Job begins to show his friends that he is well acquainted with the proverbial wisdom, power, and the unfathomable greatness of God. Indeed, with age comes wisdom and experience offers understanding (Job 12:12). However, with God wisdom and power never increase. He is as wise and as powerful today, as he had been in the past. Neither shall he increase in wisdom or power in the future. The Lord, our Creator, already possess all that could ever be known, and he already possess all the power or authority that could ever be had. Thus, he not only possesses the wisdom needed to do what is necessary, but he also possesses the power and authority to accomplish his will in carrying out what he finds necessary to do (Job 12:13).
God is sovereign, and his power is absolute. He is able to destroy a thing to the extent that man is unable to build it up again. He shuts up man in a prison of circumstances, out of which man is unable to extract himself, frustrating every plan that men could devise that would alter the will of God. There is absolutely no one who could ever successfully oppose God (Job 12:14; cp. Revelation 3:7). Many have presumed Job referred to world that were destroyed by God in the Flood, and, while this can be applied to Job’s point, I believe Job actually referred to the Lord’s work, vis-à-vis what he created. He cursed the land (Genesis 3:17-19), and no one is able to turn back the curse. No matter what man does or what machines he is able to invent and produce, the earth will yield its treasures only through the sweat of man’s labor, and even this is limited by weather and the calamities of nature. Moreover, the Lord is able to alter the original design of his creation, as he did in the Flood, and mankind is completely helpless to recover what has been lost to him by the judgment of God (Job 12:14-15).

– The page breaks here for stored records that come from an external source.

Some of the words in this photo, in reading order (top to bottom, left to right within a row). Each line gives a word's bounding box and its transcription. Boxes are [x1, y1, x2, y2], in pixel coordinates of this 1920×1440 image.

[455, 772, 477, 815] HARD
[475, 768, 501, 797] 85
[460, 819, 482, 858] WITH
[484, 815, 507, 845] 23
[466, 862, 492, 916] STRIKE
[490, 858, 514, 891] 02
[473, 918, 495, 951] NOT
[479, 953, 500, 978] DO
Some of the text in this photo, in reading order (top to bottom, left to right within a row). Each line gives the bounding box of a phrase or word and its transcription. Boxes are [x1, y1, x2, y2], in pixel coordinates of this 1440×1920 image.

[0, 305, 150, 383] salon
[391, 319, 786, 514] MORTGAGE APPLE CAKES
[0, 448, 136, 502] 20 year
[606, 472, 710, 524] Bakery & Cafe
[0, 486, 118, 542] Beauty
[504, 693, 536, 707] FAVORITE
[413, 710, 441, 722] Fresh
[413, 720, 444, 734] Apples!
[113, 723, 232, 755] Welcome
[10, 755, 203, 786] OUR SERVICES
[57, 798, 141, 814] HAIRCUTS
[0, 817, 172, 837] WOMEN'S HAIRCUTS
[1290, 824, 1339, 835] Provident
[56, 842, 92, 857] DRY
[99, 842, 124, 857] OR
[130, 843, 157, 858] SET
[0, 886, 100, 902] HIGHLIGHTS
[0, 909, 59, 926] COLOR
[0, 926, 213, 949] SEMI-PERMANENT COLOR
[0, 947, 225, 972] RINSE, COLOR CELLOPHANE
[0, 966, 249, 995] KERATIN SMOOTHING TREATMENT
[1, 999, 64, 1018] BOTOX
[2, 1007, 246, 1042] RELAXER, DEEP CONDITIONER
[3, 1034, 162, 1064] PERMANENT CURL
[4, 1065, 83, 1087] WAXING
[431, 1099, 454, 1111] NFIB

Job repeats what he said in verse-13 and adds that man’s behavior, whether good or evil is under God’s power (Job 12:16). Whatever is done is permitted by God and is under his complete control. Job’s friends are under the impression that the Lord always judges morality, punishing the deceiver and protecting the deceived, but this simply isn’t so. The Lord established a hands-off policy in Genesis 2:16. He promised to judge only rebellion (Genesis 2:17), which he did (Genesis 3 & 6). Mankind, without Christ, is in the state of rebellion and have been cast out from the presence of God (Genesis 3:22-24). While those in Christ are able to return to God’s presence (Hebrews 10:19-22; cp. Revelation 11:1), those not in Christ remain distant and unable to detect his existence (Job 9:11; cp. Revelation 11:2). The problem is that mankind, as a whole, has no idea who they are dealing with, as that pertains to the nature of God.
Therefore, even though mankind had been cast out of God’s presence, his original plan for man, vis-à-vis the means through which man was to come to know God, understand the way in which he should go and become like God in the process (cp. Genesis 1:27), was to eat of any tree, except that of rebellion (Genesis 2:16-17). His palate was to give him understanding of what was good and evil (Job 12:11). Therefore, the Lord, as a rule, doesn’t judge man’s moral behavior, as Job’s friends believed. Rather, he limits evil by bringing those who trust in wicked ways to the ultimate end of the evil choice they’ve made. Job dresses the following proverbs of the Lord’s greatness in what he previously claimed, namely, that the Lord tears down what has been built up, and he shuts up a man in difficult circumstances and no man is able to reverse what God does (Job 12:14). He frustrates the plans of men (Job 12:17; Romans 1:21-22); he removes the power of kings and gives what they have to another (Job 12:18); he even spoils the power of the priests who hold sway over the minds of men (Job 12:19), and removes the trust in those whose counsel had proved faithful in the past (Job 12:20; cp. 2Samuel 15:31; 16:20, 23; 17:1-14).[1] He even causes the people to disrespect their heroes and weakens the power of the mighty (Job 12:21).
There is nothing hidden which God doesn’t already know and could make known (Matthew 10:26), no matter how secret or what measures have been taken to keep it from becoming common knowledge (Job 12:22).[2] The Lord has the power to strengthen nations and weaken them again, to enlarge their borders or their reputations among the other nations and then weakens and discredits them, so that they return to their former state once again (Job 12:23). It is all done through wrong intelligence and advice to continue in the failed efforts of the past. Thus, the leaders of the world and their staff of advisors wander in a desert-like policy, unable to find a course that would lead them out of their problems and into the desired end (Job 12:24-25).
___________________________________________________
[1] Consider the American Cold War policy of Containment, which was an utter failure, though supported by several American Presidents and their advisors.
[2] Consider the Pentagon Papers, which were discovered and made known to the public by our American news agencies in 1971, and discovery the Watergate Conspiracy that led to the resignation of an American President in 1974.